Data supplied ▸
┌──
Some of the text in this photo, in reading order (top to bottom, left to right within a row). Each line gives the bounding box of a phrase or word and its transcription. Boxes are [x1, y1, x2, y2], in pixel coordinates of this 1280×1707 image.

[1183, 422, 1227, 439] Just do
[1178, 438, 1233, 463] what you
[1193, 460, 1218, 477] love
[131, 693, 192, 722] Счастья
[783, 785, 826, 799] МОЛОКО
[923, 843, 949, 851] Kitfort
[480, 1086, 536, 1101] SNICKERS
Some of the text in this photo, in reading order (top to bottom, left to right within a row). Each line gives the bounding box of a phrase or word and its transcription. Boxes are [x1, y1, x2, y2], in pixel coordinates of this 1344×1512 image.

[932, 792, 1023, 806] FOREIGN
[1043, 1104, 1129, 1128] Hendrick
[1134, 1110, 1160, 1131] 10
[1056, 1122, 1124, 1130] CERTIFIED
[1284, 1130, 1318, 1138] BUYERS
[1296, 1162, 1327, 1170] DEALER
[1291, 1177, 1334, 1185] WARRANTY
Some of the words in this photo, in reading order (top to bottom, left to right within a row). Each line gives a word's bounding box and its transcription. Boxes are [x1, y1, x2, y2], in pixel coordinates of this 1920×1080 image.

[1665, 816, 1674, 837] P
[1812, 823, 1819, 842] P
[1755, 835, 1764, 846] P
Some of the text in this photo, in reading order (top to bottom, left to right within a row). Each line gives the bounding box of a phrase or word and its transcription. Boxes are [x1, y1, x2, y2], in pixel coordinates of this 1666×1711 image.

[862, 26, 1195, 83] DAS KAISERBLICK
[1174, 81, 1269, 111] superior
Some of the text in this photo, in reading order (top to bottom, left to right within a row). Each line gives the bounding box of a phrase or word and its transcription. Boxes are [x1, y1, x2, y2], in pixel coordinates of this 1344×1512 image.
└──
Look above for the line containing "Some of the words". Return it and each line after it exactly, through the last line, and nothing more.

Written response ▸
Some of the words in this photo, in reading order (top to bottom, left to right within a row). Each line gives a word's bounding box and its transcription. Boxes are [x1, y1, x2, y2], in pixel coordinates of this 1920×1080 image.

[1665, 816, 1674, 837] P
[1812, 823, 1819, 842] P
[1755, 835, 1764, 846] P
Some of the text in this photo, in reading order (top to bottom, left to right within a row). Each line gives the bounding box of a phrase or word and its transcription. Boxes are [x1, y1, x2, y2], in pixel coordinates of this 1666×1711 image.

[862, 26, 1195, 83] DAS KAISERBLICK
[1174, 81, 1269, 111] superior
Some of the text in this photo, in reading order (top to bottom, left to right within a row). Each line gives the bounding box of a phrase or word and its transcription. Boxes are [x1, y1, x2, y2], in pixel coordinates of this 1344×1512 image.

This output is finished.